Through a story that melds a black inner-city pastor with his church together with a white pastor from a "rich suburban" church, this is a very challenging movie for The Church, that probably would (and probably should) make much of the American Church feel very uncomfortable. This movie hits close to home, folks, and will really get you to thinking about how much of our Christianity is a "show" vs. how much is really loving and caring for others. This movie showcases some of this stuff in very poignant ways and you might be surprised just how revealing it is, both of the Church as a whole, and of yourself - it might just hit you between the eyes (it did to me).

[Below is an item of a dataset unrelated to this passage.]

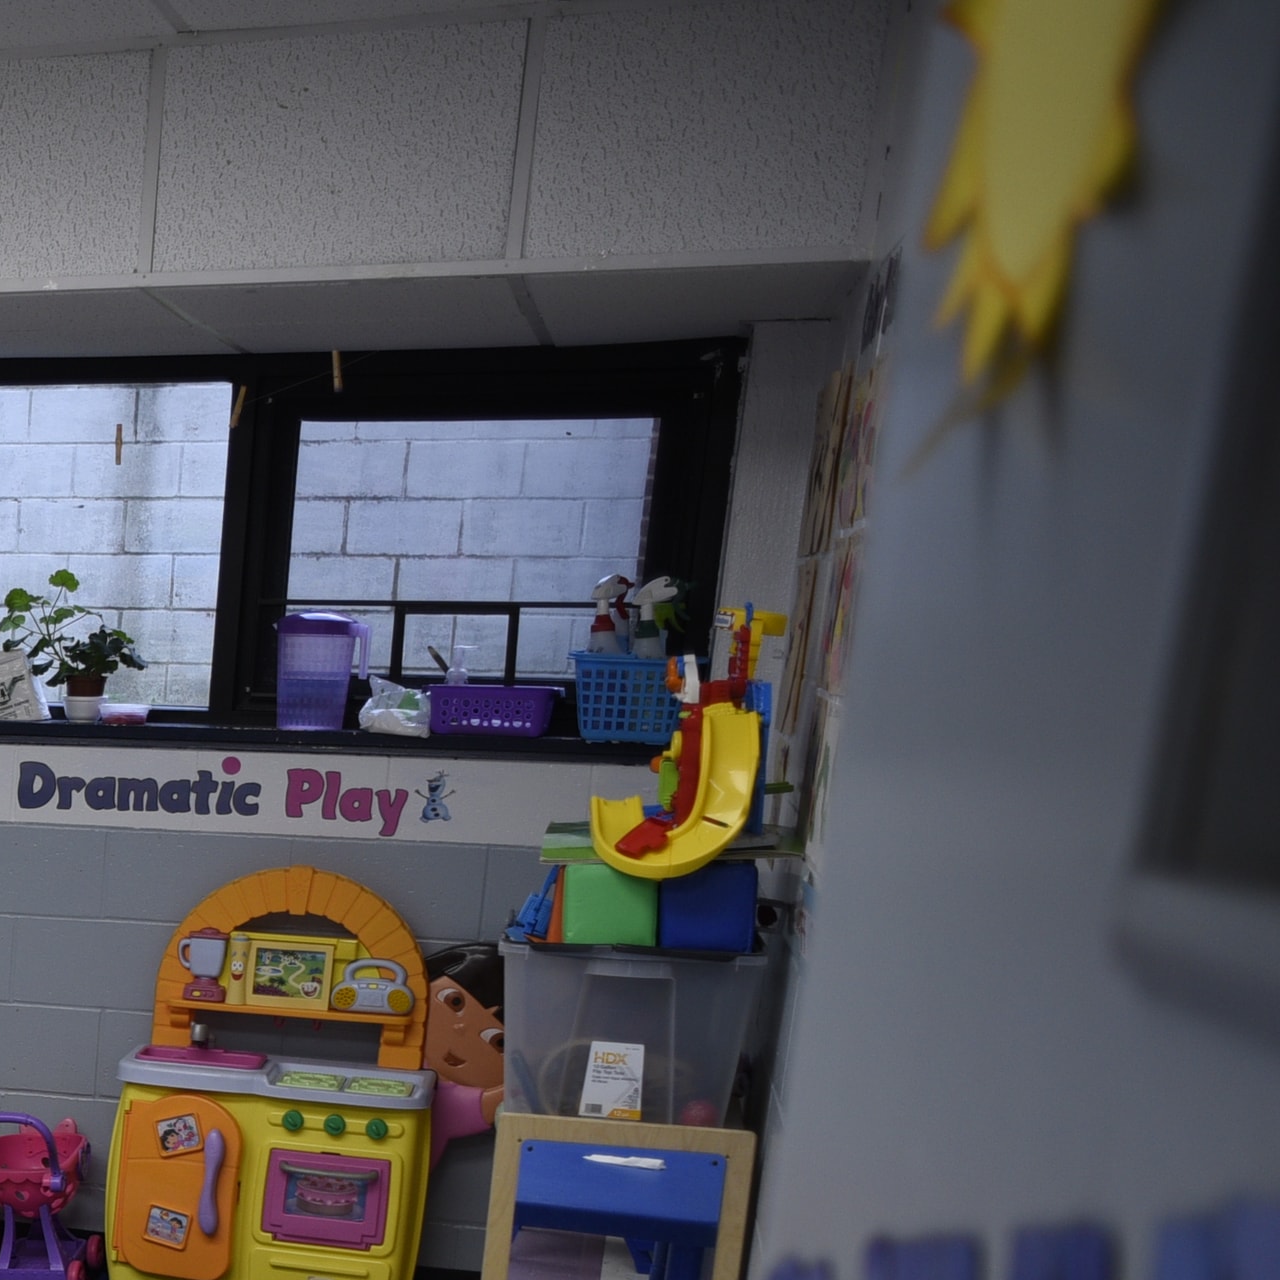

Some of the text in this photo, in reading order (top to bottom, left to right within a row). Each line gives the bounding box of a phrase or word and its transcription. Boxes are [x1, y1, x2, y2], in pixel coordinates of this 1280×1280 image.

It's so easy to just want to throw money on a problem so you don't have to "get personally involved" - but there's a big difference between handing out money and committing yourself to service - to really living out the servant life of love that we are called to as Christians. That is the core of what this movie is about, which it tells in an engaging and interesting story.
The acting and production quality are good and much better than I expected. I admit to initially being a tad concerned when I saw that Michael W. Smith was playing a lead because in my mind I thought that no matter how great a musician he is, his inclusion as a lead probably was going to mean some pretty cheesy acting. I was definitely wrong - he carried himself just fine, as did the rest of the cast. The story was perfectly believable (which while good of course, given the subject matter, is also sad) and it was clearly well-directed.
Now to the concerns: This is a gritty movie that is not what typically would spring to mind if you think "Christian movie" - it has some bad language and a bit of violence. It is PG-13 for a reason. The language itself didn't grandly bother me (it's not horrible - many PG movies have just as bad) and it is within the context of the inner-city life, but what DID really bother me was that one of the characters doing the cussing was the inner-city black pastor who in many ways the film builds up as someone to look up to. I really see absolutely no movie benefit at all to them having the "man of God" doing cussing (and noted in the movie itself as having a cussing problem), but rather I see it as a strong negative. I know that some pastors cuss, etc. in real-life and I suppose the fact that they are portraying a cussing pastor adds some additional "reality" to the film, but I don't really need or want to see someone on screen that we're supposed to be looking up to (and is busy delivering many of the thoughtful punchlines of the movie) portrayed this way - I see no benefit to that at all. It just muddies (and muddles) things in a way that isn't good. With that said, the problematic language by the pastor or otherwise was relatively little all things considered. I tend to be more sensitive these days to bad language, but this movie didn't leave me feeling dirty in that regards, etc.
My other concern with this movie simply stems from the ending and lack of real resolution. Part of me thinks they did this on purpose to kind of leave the viewer with the feeling that "and on and on this goes"...But what might have been nice artistically or philosphically, wasn't satisfying as a MOVIE ending. Without giving the ending away, although it strongly hints at things turning out well for the church, you don't get to see it. Nor do you get to see what happens to one of the other characters (a teen who got out of a gang) after his living situation changes at the end. It's just that nothing gets fully resolved. You don't see the suburban church board changing their mind (and hearts), and you don't feel an emotional resolution with the characters you've been invested in for 2 hours, and thus, as mentioned, you kind of are left feeling "and on and on everything goes". It's not a horrible ending (I've seen worse) but it just isn't how you really WANT to see it on screen. Then again, life, much like this movie, doesn't always work out how we'd like to see. Sometimes what might be best from an artistic perspective just isn't what your emotions really want to see (feel) happen.
Those two issues aside (cussing pastor and lack of satisfying resolution), this is still a worthwhile movie that you will likely be highly glad you watched, if for no other reason than the great and needed messages it showcases in such clear terms.